ND: Teachers have always agitated for proper remuneration, and as a leader of one of the teacher unions, what would you say is acceptable remuneration that will enable teachers to go back to work?

OM: The acceptable remuneration would be pre-October 2018 salaries of between US$520 and US$550.

ND: Why do you think teachers deserve that much from the employer considering that they are conducting extra lessons and charging in US dollars?

OM: The extra lessons intervention is a response to the incapacitation crisis. There is no supervision of the quality of the content delivered to the learners during these extra lessons.

So we can’t rely on extra lessons for a credible education system. We deserve the salary because we are human beings who should live a dignified life. The amount we are demanding will not cater for luxuries, but meet basics.

ND: Is demanding an additional US dollar payment from parents acceptable under the circumstances?

OM: The responsibility to pay salaries is exclusively in the hands of government. If parents were to pay salaries, we risk entrenching inequality.

The poor children will be denied their right to education. Parents and teachers should unite to demand a living wage for teachers.

ND: How can the crisis in the education sector be resolved?

OM: The crisis in the education sector can be solved by implementing ADAPT strategies.
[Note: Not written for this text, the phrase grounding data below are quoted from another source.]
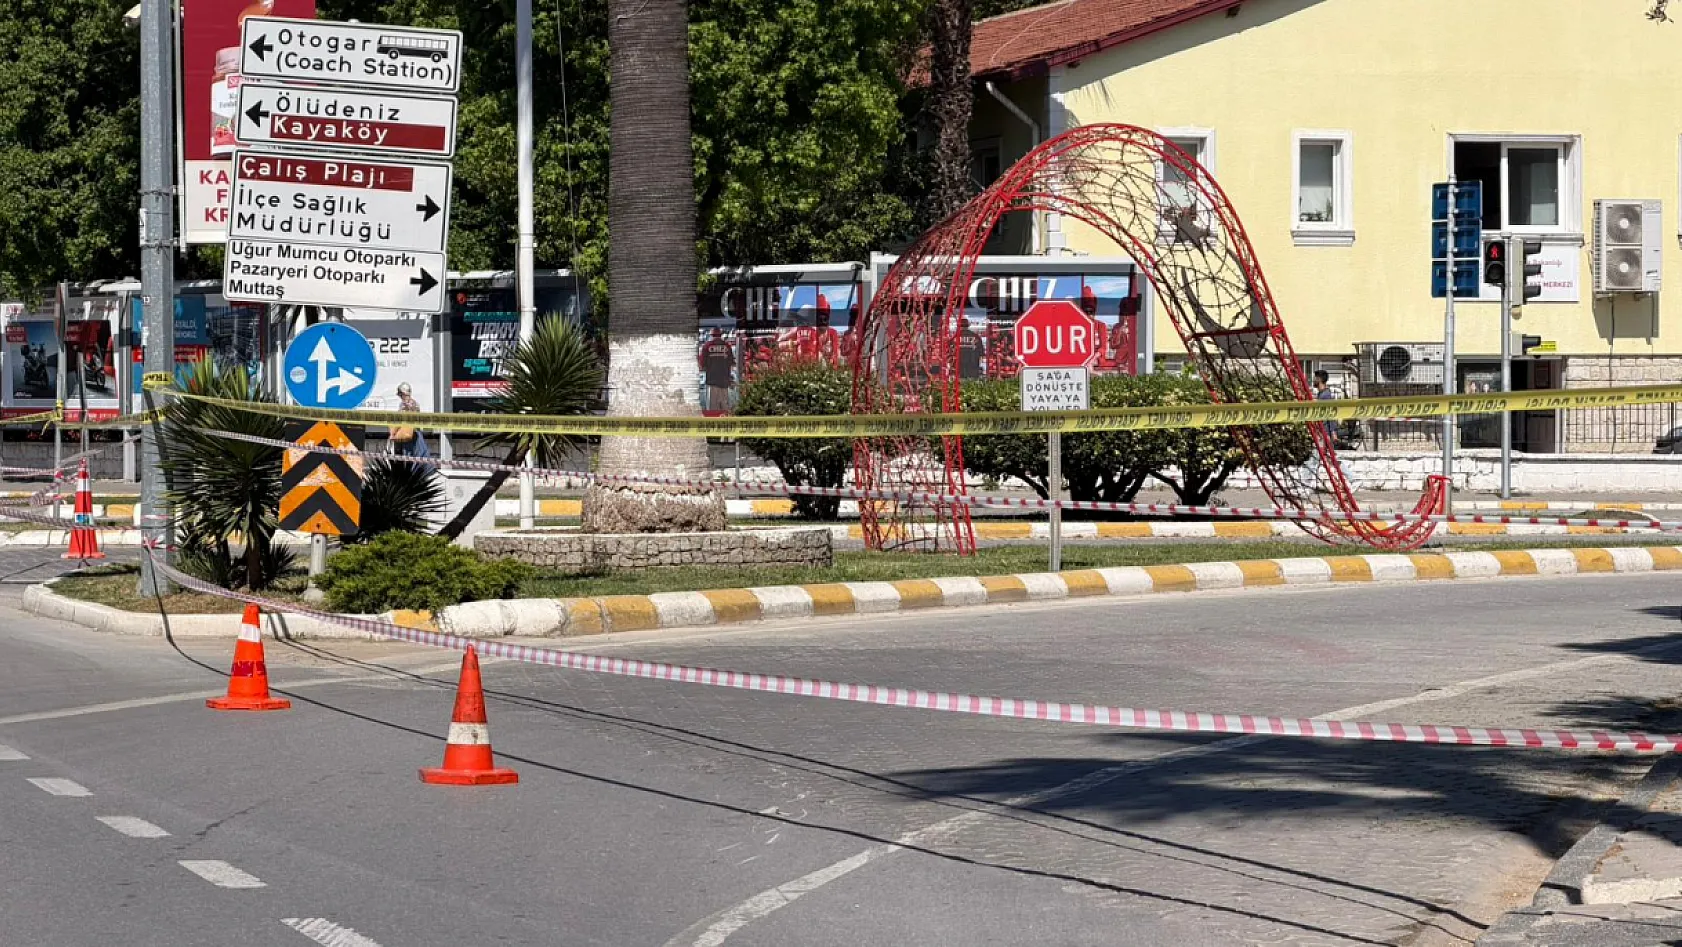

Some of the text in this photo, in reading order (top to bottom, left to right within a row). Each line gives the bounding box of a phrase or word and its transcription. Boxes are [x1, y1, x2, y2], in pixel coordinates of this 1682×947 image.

[278, 29, 371, 53] Otogar
[276, 51, 452, 86] (Coach Station)
[276, 91, 400, 121] Ölüdeniz
[273, 116, 388, 145] Kayaköy
[241, 158, 385, 188] Çalış Plajı
[238, 184, 367, 216] İlçe Sağlık
[236, 212, 392, 243] Müdürlüğü
[231, 243, 416, 267] Uğur Mumcu Otoparkı
[230, 261, 385, 284] Pazaryeri Otoparkı
[229, 279, 285, 298] Muttaş
[380, 337, 410, 353] 222
[1022, 325, 1087, 354] DUR
[1026, 382, 1083, 392] DÖNÜŞTE
[1037, 371, 1071, 380] SAĞA
[1030, 395, 1080, 403] YAYA'YA
The ‘A” stands for adequately fund the education sector by meeting the Dakar threshold of 20% of the national budget going towards the education sector.
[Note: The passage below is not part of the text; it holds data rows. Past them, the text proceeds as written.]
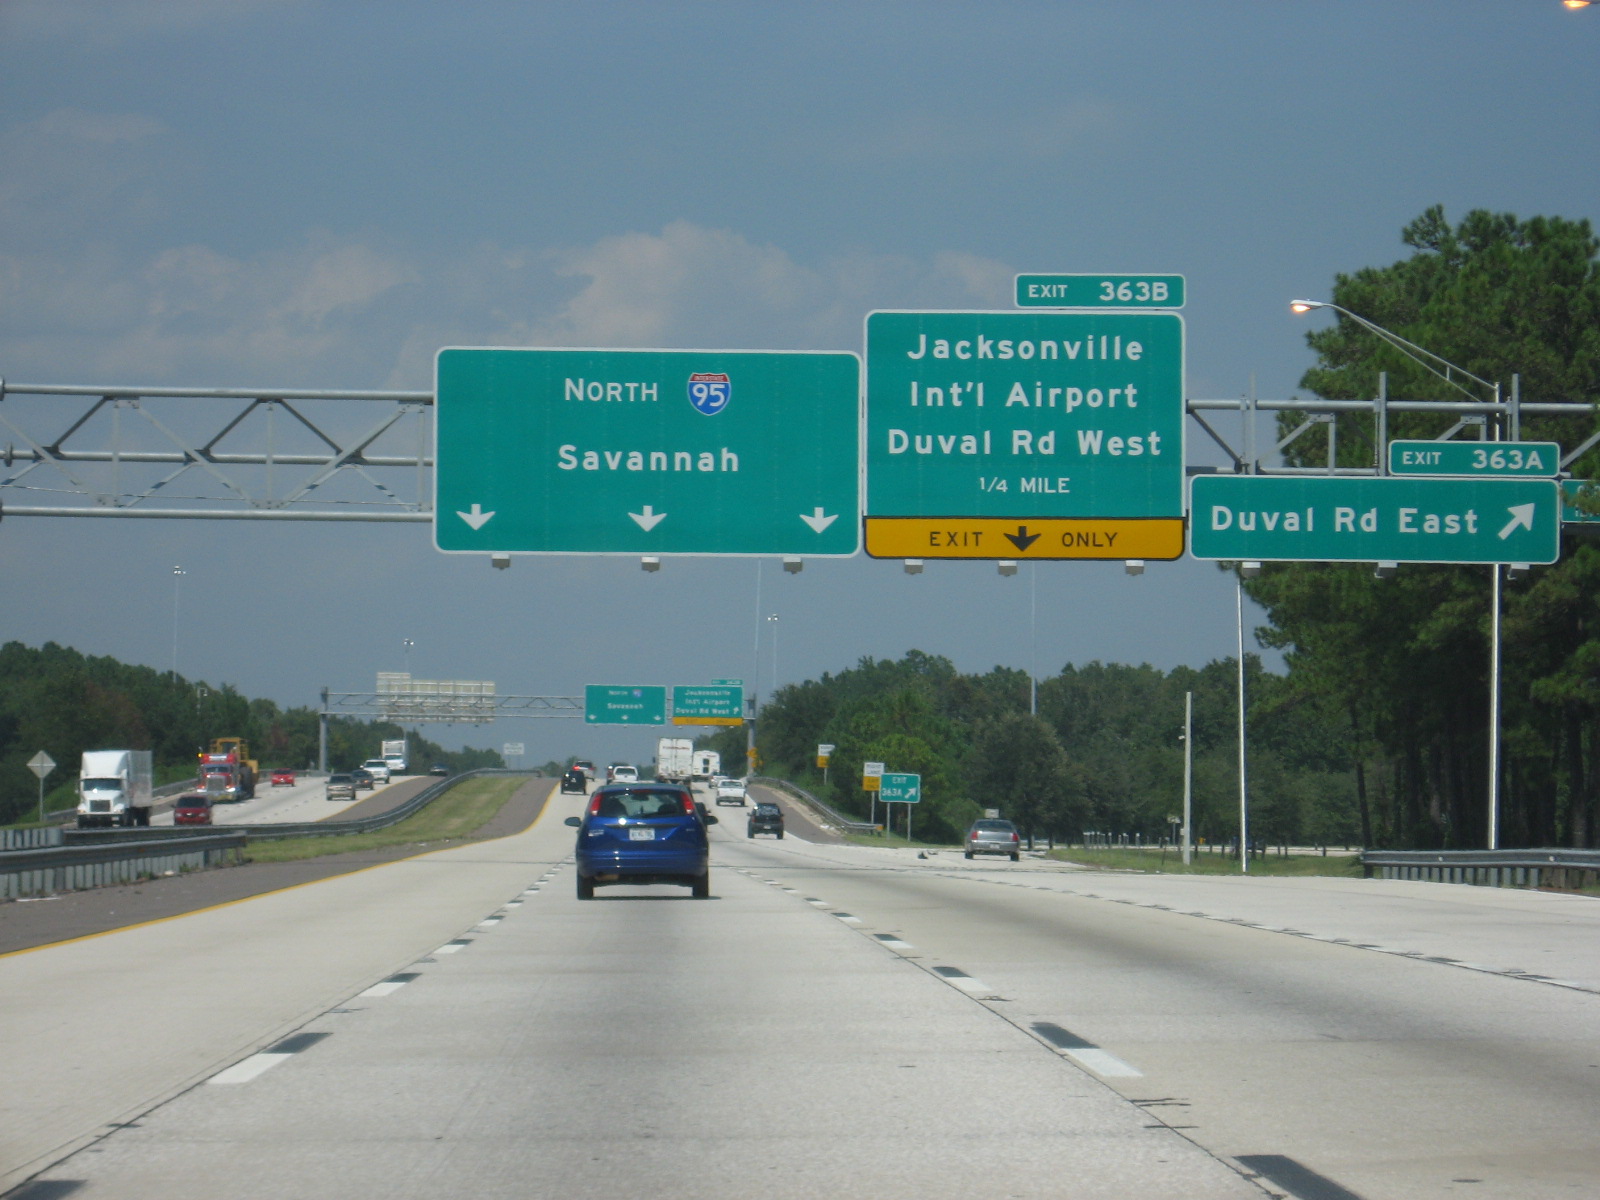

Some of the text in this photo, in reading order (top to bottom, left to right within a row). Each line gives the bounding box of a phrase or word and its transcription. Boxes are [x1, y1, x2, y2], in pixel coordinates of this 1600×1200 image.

[1028, 281, 1169, 302] EXIT 363B
[907, 334, 1143, 361] Jacksonville
[692, 383, 725, 407] 95
[911, 381, 1137, 413] Int'l Airport
[888, 428, 1161, 456] Duval Rd West
[557, 444, 739, 472] Savannah
[1402, 449, 1543, 470] EXIT 363A
[979, 477, 1070, 494] 1/4 MILE
[1211, 505, 1478, 534] Duval Rd East
[930, 531, 1118, 548] EXIT ONLY
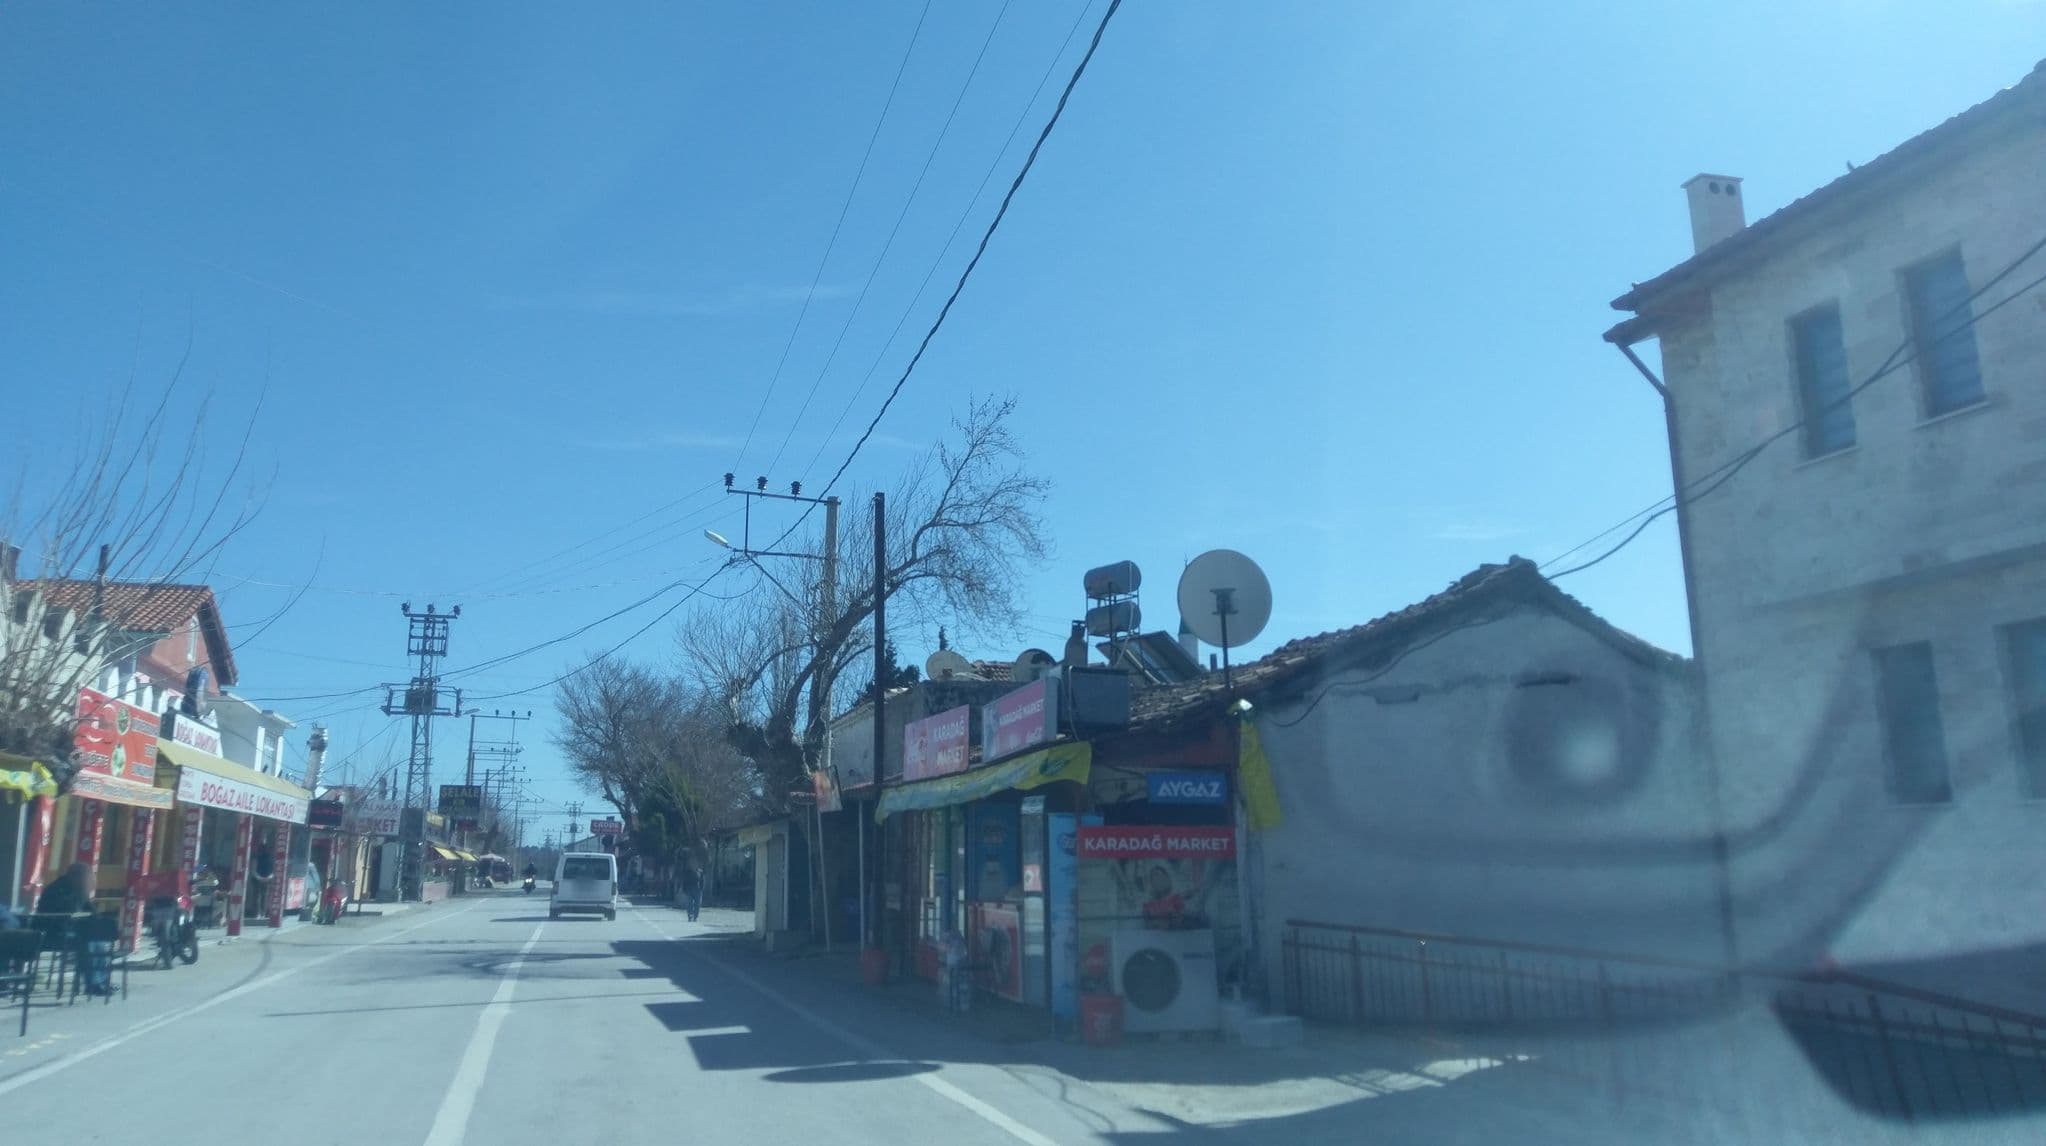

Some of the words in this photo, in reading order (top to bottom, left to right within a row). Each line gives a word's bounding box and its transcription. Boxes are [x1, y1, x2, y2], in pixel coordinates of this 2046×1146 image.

[1023, 698, 1044, 716] MARKET
[936, 744, 964, 767] MARKET
[1158, 781, 1221, 798] AYGAZ
[1085, 834, 1162, 851] KARADAĞ
[1167, 838, 1230, 851] MARKET
Out of the 2% transactional tax, at least 25% should be directly channelled towards education so that the best brains that are from poor backgrounds can access free education.
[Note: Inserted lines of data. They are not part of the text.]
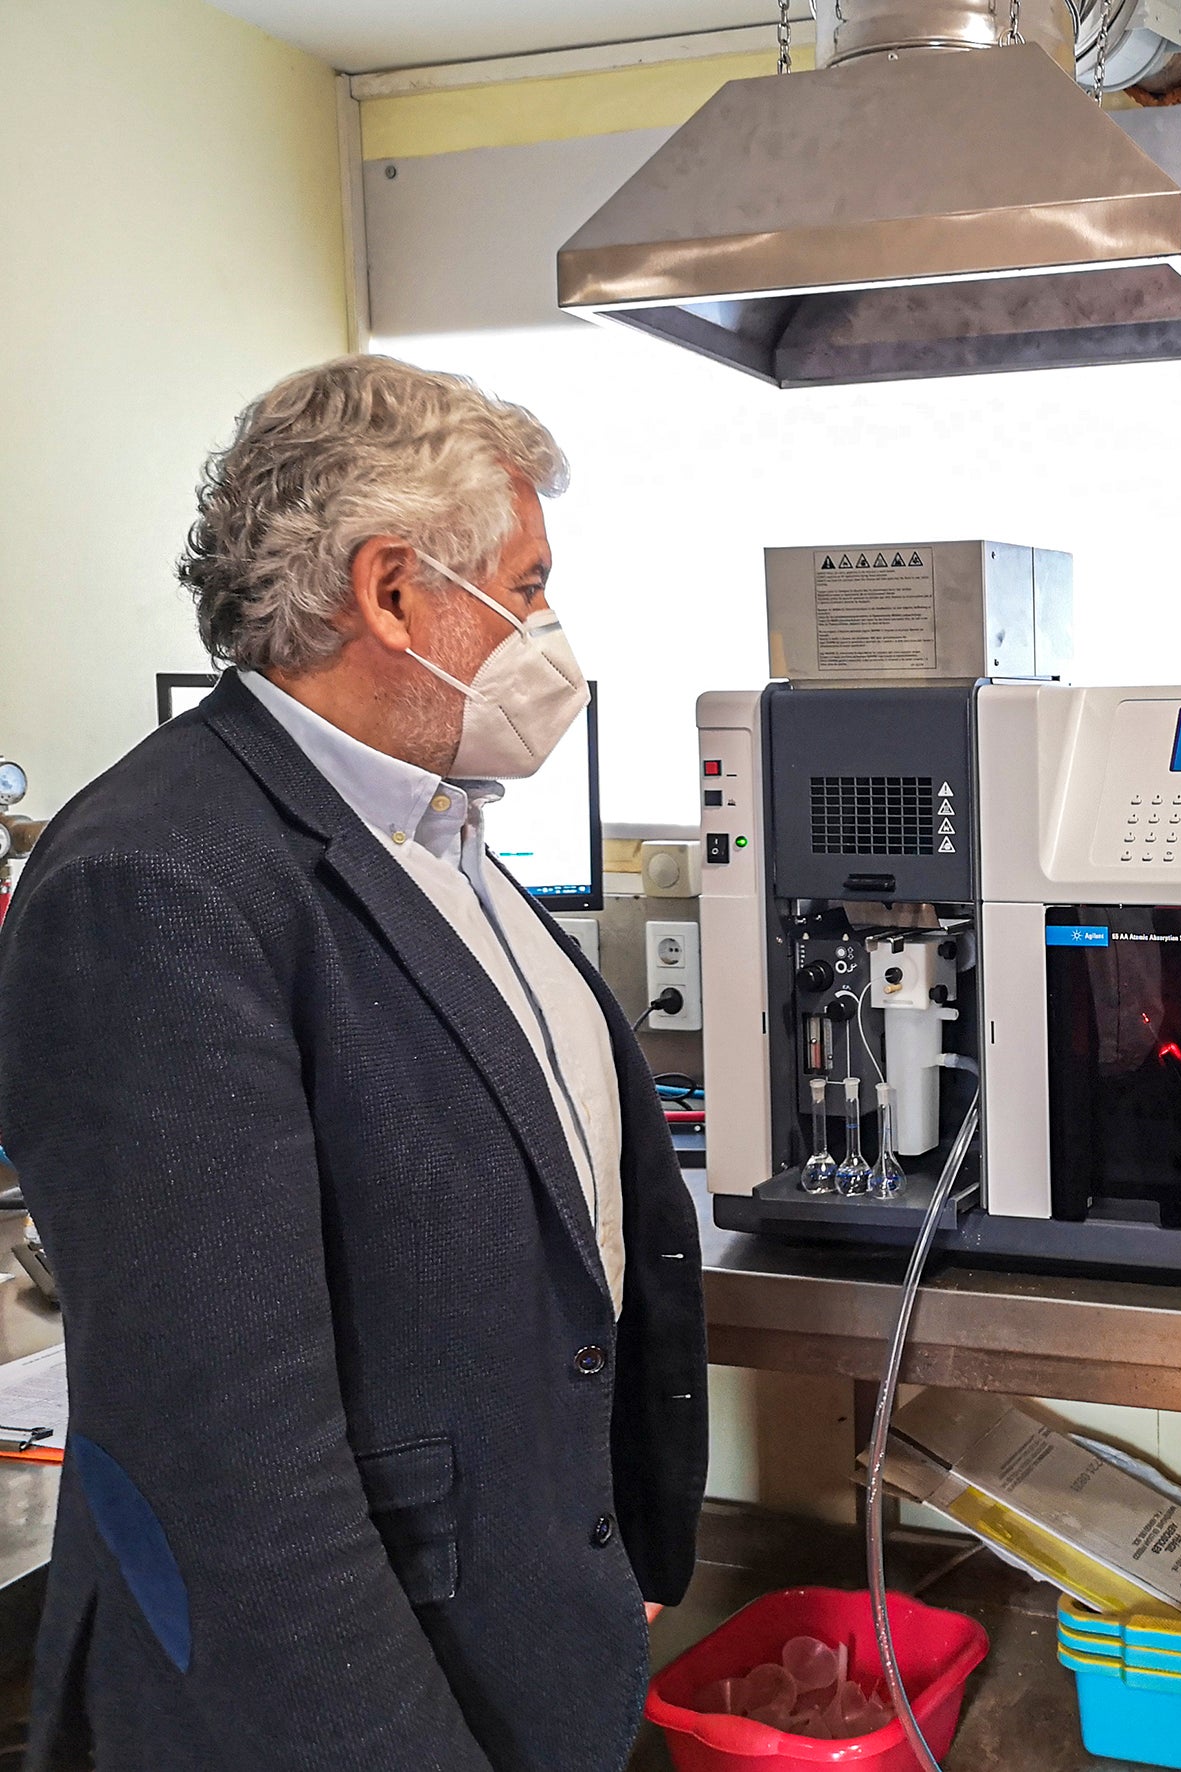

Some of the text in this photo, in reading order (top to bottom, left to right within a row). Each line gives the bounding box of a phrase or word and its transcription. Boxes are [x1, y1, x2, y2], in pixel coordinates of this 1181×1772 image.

[1084, 932, 1105, 941] Agilent
[1119, 932, 1129, 941] AA
[1129, 933, 1149, 941] Atomic
[1149, 933, 1179, 943] Absorption
[1151, 1522, 1178, 1554] AEROSOLES
The budget surplus should be invested in education. Basic education should be fully funded by the State as prescribed by section 75 of the Constitution.

The “D” stands for devolved education management and getting communities to manage provision of education at a local

The “A” stands for addressing the curriculum deficits and teachers’ capacity to teach. There is need to decolonise the curriculum and make it compatible with lived realities.

There is also need to retrain teachers to enable them to deliver instruction through remote platforms.

The “P” stands for promoting labour justice for teachers to ensure that they are motivated to deliver quality service. A retention and attraction allowance for educators in rural areas should be introduced.

Finally, the “T” stands for technological and infrastructural development; This can be done through introducing an education equalisation fund.

ND: It is estimated that over
300 000 children of school-going age in Zimbabwe have a disability. As an educationist, what do you propose should be done to make the system inclusive?

OM: Disability is relative; there is need for an inclusive curriculum that will accommodate learners with different disabilities, including those with learning disabilities.

Funding education will also ensure that accessibility devices and technology will be secured. School infrastructure also needs to be adapted through a universal design so that learners with physical disabilities are not confined to special schools that are not available in under-resourced communities.

The Education ministry also needs to employ more educational psychologists and make sure assessment of learners is devolved to district level.

Assessment of learners with disabilities needs to include recommendations that can be implemented at school level.

ND: How do we continue to build capacity for teachers?

OM: Capacity building for teachers is a must. The capacity building should go beyond refresher courses.

Government should offer paid study leave for teachers. Teachers should be the most advanced academia in a country.

We want to see people with PhDs teaching in primary schools. Advancing academically should be rewarded through a salary review.

ND: The new curriculum has been described by parents as confusing and an overburden. As a teacher, how do you view it and how can it be remodelled to make it user-friendly?

OM: The new curriculum has a brilliant preamble, but awful contents. Curriculum should promote specialisation to lessen the burden on learners.

ND: When do you think the gospel of “incapacitation” will end?

OM: Incapacitation will end when teachers are capacitated through adequate remuneration.